I have this fairly simple function to compute the mean of elements of a big list, using two accumulators to hold the sum so far and the count so far:
mean = go 0 0
go s l [] = s / fromIntegral l
go s l (x:xs) = go (s+x) (l+1) xs
main = do
putStrLn (show (mean [0..10000000]))
Now, in a strict language, this would be tail-recursive, and there would be no problem. However, as Haskell is lazy, my googling has led me to understand that (s+x) and (l+1) will be passed down the recursion as thunks. So this whole thing crashes and burns:
Stack space overflow: current size 8388608 bytes.
After further googling, I found seq and $!. Which it seems I don't understand because all my attempts at using them in this context proved futile, with error messages saying something about infinite types.
Finally I found -XBangPatterns, which solves it all by changing the recursive call:
go !s !l (x:xs) = go (s+x) (l+1) xs
But I'm not happy with this, as -XBangPatterns is currently an extension.

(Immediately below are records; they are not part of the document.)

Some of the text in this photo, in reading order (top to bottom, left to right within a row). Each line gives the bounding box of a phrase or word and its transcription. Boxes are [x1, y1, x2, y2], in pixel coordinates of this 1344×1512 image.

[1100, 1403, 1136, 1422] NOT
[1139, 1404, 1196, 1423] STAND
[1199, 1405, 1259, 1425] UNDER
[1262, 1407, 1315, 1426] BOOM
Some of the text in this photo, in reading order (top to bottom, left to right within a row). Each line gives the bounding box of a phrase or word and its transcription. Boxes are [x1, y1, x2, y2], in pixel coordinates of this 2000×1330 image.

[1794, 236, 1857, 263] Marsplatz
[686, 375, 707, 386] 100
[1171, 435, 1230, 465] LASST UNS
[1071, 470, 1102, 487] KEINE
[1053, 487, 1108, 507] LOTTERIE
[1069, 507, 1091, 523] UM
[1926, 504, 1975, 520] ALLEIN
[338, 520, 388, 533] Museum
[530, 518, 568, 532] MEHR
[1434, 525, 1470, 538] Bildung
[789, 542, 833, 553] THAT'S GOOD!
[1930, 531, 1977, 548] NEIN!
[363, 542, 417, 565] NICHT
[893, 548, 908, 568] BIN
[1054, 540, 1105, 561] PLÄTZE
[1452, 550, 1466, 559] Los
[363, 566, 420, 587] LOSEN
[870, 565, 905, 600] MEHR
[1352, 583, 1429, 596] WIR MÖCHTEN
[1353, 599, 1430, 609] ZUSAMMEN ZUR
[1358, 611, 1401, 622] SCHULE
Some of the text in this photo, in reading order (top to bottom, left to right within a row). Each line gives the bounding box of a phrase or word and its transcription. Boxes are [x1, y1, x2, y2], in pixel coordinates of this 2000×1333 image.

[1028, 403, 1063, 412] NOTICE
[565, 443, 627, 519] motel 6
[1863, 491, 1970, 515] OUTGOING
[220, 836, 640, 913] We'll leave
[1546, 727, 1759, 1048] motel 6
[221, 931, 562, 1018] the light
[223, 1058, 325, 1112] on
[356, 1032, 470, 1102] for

I would like to know how to make the evaluation strict without the use of -XBangPatterns. (And maybe learn something too!)
Just so you understand my lack of understanding, here's what I tried (the only try that compiled, that is):
go s l (x:xs) = go (seq s (s+x)) (seq l (l+1)) xs
From what I could understand, seq should here force the evaluation of the s and l argument, thus avoiding the problem caused by thunks. But I still get a stack overflow.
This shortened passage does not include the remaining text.